Pubes Through the Ages
Proof of pubic hair removal dates all the way back to Ancient Egypt, where we can see evidence of copper razors and flintstones as tools for grooming genital hair. With that being said, there are also hieroglyphics that show women with dark triangles of hair covering their genitals. In Ancient Greece, tweezers and pumice stones were used in service of pubic grooming. Now, we have more advanced technology to remove our pubic hair, creating a profitable business for hair removal companies. The global hair removal products market is expected to reach $1.3 billion by 2026. This industry began to take off when the female razor was first introduced in 1915 by Gillette Safety Razor Company. In an advertisement at the time, female body hair was described as an “embarrassing personal problem.” Nair, a hair removal cream, was introduced in the 1940s and promised consumers an opportunity to take on “completely new glamour and allure.” Since the beginning of modern advertising practices, companies capitalized on the insecurities of women and profited by stoking fear of being undesirable.
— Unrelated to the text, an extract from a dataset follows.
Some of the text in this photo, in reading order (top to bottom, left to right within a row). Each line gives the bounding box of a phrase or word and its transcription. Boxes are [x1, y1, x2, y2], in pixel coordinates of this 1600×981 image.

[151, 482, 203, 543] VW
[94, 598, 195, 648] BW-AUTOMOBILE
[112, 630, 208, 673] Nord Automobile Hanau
While there is evidence of pubic hair removal for thousands of years, more recent capitalistic business endeavors have encouraged women to groom their pubic hair through shaming and fearmongering.
Your Attitude Toward Your Pubic Hair Impacts Your Sexual Health
A 2017 study looked at women’s perceptions of their genitals and found that women most commonly were concerned about genital odor, amount and texture of pubic hair, and fears about reactions by others. Several women in the study made derogatory comments about their bodies, such as saying that their genitals are “weird,” “foreign,” or “creepy-looking.” One participant discussed her genitals by saying, “they kind of gross me out… it just makes me feel really uncomfortable… I pretend it is not there.” The study found that negative self-image and detachment from our own genitals were associated with less motivation to avoid risky sexual behavior and underuse of gynecological exams.
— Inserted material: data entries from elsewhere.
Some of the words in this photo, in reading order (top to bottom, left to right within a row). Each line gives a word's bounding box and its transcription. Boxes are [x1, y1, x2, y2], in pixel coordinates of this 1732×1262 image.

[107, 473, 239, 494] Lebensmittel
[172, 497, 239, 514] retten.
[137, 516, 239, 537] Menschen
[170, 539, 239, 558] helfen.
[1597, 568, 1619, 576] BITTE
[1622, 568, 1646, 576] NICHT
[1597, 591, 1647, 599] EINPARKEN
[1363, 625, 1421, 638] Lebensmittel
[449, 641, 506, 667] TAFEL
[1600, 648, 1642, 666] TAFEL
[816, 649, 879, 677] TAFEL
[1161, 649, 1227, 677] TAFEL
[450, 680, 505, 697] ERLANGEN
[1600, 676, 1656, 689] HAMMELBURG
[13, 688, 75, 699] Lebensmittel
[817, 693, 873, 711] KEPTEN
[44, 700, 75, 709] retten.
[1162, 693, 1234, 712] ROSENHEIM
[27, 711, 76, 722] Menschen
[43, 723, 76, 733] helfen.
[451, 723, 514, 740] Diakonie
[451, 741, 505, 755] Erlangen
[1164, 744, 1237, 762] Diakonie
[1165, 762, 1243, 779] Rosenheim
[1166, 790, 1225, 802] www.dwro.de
Find What Sparks Joy...Down There.
If this sounds like your experience, I want you to know that you are not alone. From the time we are born, the patriarchy conditions women to feel shame and embarrassment about how their bodies look and what their bodies do. Rather than focusing so much on making our vulvas desirable for others, I would encourage each of you to cultivate a relationship with your pubic hair. Regardless of how you choose to groom them, thank your pubes for the protection they give you, and love them as a natural part of your body! From there, think about what feels best for you and go for it! Maybe it’s a bush, maybe it’s a landing strip, or maybe it is a full Brazilian wax. Whatever you choose, know that this is a personal decision left entirely up to you.
Fudge, M. C. & Byers, E. S. (2017). An exploration of the prevalence of global, categorical, and specific female genital dissatisfaction. The Canadian Journal of Human Sexuality. 26, 2: 112-121.
Osterberg, E.C., Gaither, T. W., Awad, M. A., et al. (2017). Correlation between pubic hair grooming and STIs: Results from a nationally representative probability sample. Sexually Transmitted Infections. 93: 162-166.